Red and Black(poj 1979 bfs)

Red and Black

Time Limit: 1000MS		Memory Limit: 30000K
Total Submissions: 27891		Accepted: 15142

Description

There is a rectangular room, covered with square tiles. Each tile is colored either red or black. A man is standing on a black tile. From a tile, he can move to one of four adjacent tiles. But he can't move on red tiles, he can move only on black tiles.

Write a program to count the number of black tiles which he can reach by repeating the moves described above.
Input

The input consists of multiple data sets. A data set starts with a line containing two positive integers W and H; W and H are the numbers of tiles in the x- and y- directions, respectively. W and H are not more than 20.

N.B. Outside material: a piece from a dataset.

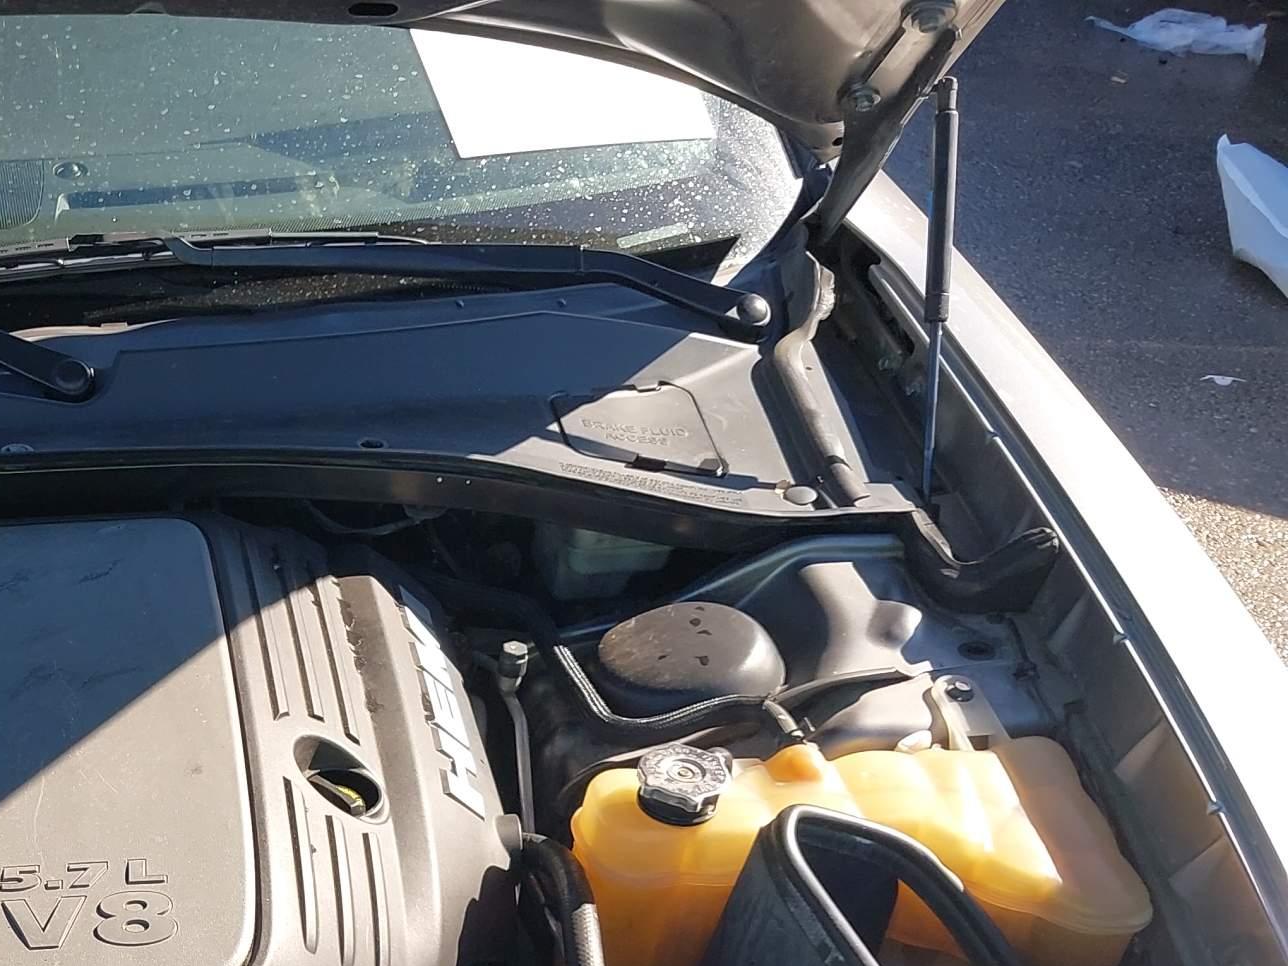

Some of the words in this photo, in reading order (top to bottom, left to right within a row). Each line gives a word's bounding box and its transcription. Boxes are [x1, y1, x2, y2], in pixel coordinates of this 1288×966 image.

There are H more lines in the data set, each of which includes W characters. Each character represents the color of a tile as follows.

'.' - a black tile
'#' - a red tile
'@' - a man on a black tile(appears exactly once in a data set)
The end of the input is indicated by a line consisting of two zeros.
Output

For each data set, your program should output a line which contains the number of tiles he can reach from the initial tile (including itself).
Sample Input

6 9
....#.
.....#
......
......
......
......
......
#@...#
.#..#.
11 9
.#.........
.#.#######.
.#.#.....#.
.#.#.###.#.
.#.#..@#.#.
.#.#####.#.
.#.......#.
.#########.
...........
11 6
..#..#..#..
..#..#..#..
..#..#..###
..#..#..#@.
..#..#..#..
..#..#..#..
7 7
..#.#..
..#.#..
###.###
...@...
###.###
..#.#..
..#.#..
0 0

Sample Output

45
59
6
13

Source

#include <cstdio>
#include <algorithm>
#include <iostream>
#include <cstring>
#include <queue>
using namespace std;
char map[25][25];
bool vis[25][25];
int dx[4]={0,0,1,-1},dy[4]={1,-1,0,0};
int w,h;
int sx,sy;
struct node
{
int x,y;
};
int bfs()
{
queue<node> q;
int ans=0;
memset(vis,0,sizeof(vis));
node s,temp;
s.x=sx,s.y=sy;
q.push(s);
while(!q.empty())
{
s=q.front();
q.pop();
ans++;
for(int i=0;i<4;i++)
{
temp.x=s.x+dx[i];
temp.y=s.y+dy[i];
if(temp.x>=0&&temp.x<h&&temp.y>=0&&temp.y<w&&vis[temp.x][temp.y]==0&&map[temp.x][temp.y]=='.')
{

vis[temp.x][temp.y]=1;
q.push(temp);

}
}
}
return ans;
}
int main()
{
int i,j;
freopen("in.txt","r",stdin);
while(scanf("%d%d",&w,&h))
{
if(w==0&&h==0)
break;
for(i=0;i<h;i++)
scanf("%s",map[i]);
for(i=0;i<h;i++)
for(j=0;j<w;j++)
if(map[i][j]=='@')
{
sx=i,sy=j;
break;
}

cout<<bfs()<<endl;
}
return 0;
}